Subcutaneous low dose arabinosyl‐cytosine and oral idarubicin in high risk adult acute myelogenous leukemia

In order to further explore low dose chemotherapy for high risk acute myelogeneous leukemia (AML), low dose Ara‐C and oral idarubicin (LAI) were given to 33 patients of 24–84 (median 66) years with AML after myelodysplastic syndrome (MDS) (12 patients), refractory AML (13 patients), and AML with contraindications to intensive chemotherapy (8 patients). Patients received 1 to 4 cycles of Ara‐C 10 mg/m 2 q 12 h s.c. inject. on days 1–14 and idarubicin 20 mg/m 2 /d orally days 3, 4, 5. Three patients attained complete remission, four patients partial remission and one patient minor response, whereas 11 patients succumbed to early mortality from hemorrhage (two patients) and/or infections (10 patients).
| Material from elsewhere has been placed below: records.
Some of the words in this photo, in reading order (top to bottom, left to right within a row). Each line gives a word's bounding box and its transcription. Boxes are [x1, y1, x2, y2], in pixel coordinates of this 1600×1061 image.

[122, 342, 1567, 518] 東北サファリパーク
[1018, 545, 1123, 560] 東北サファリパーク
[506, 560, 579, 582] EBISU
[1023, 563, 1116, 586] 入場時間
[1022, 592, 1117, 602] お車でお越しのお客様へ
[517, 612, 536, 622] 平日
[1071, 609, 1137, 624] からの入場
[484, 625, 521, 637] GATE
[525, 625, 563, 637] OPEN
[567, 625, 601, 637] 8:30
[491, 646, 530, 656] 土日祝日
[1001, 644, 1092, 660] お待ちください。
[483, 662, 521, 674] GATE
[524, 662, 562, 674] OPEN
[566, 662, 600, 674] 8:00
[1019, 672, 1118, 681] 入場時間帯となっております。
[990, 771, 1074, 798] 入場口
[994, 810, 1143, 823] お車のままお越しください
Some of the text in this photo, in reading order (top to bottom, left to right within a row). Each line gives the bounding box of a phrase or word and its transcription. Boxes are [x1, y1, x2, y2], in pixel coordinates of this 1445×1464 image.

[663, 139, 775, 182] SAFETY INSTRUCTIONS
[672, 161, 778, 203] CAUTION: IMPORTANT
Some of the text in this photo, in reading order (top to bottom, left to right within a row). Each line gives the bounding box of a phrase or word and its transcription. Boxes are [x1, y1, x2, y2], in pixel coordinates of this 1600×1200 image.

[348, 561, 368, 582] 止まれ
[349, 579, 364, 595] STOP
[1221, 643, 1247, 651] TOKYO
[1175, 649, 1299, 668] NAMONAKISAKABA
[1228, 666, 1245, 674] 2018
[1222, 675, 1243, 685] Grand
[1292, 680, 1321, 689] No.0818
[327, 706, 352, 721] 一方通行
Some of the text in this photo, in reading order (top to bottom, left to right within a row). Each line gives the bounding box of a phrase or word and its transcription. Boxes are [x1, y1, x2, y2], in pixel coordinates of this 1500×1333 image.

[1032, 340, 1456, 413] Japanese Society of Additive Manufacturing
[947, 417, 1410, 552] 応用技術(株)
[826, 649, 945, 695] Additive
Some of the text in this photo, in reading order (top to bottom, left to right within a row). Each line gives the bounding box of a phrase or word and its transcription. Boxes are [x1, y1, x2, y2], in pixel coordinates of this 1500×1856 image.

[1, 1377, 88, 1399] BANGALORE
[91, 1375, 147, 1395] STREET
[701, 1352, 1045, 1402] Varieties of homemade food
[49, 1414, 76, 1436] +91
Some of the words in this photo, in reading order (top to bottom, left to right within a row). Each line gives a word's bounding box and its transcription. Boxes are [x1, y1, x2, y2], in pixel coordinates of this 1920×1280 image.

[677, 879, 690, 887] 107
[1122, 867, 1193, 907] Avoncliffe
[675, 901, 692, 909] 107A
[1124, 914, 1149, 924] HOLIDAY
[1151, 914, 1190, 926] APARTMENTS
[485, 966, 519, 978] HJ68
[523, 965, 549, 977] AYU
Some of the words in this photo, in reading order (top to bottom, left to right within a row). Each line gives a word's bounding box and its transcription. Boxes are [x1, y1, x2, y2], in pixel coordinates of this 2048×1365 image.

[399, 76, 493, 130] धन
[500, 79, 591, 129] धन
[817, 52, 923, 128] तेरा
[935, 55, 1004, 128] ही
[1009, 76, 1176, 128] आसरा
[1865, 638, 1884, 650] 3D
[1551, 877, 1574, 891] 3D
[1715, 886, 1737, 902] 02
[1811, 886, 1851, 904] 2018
Three of 13 patients with heavily pretreated refractory AML went into remission compared to 3/12 with AML after MDS and 1/8 with AML and contraindications against intensive treatment. Median duration of CR is 102 (70–488+) days. Thirty‐two of 33 patients developed grade 4 hematological toxicity requiring platelet transfusions. The non‐hematologic toxicity was acceptable. LAI provides a standardized therapeutic option especially for heavily pretreated patients with AML.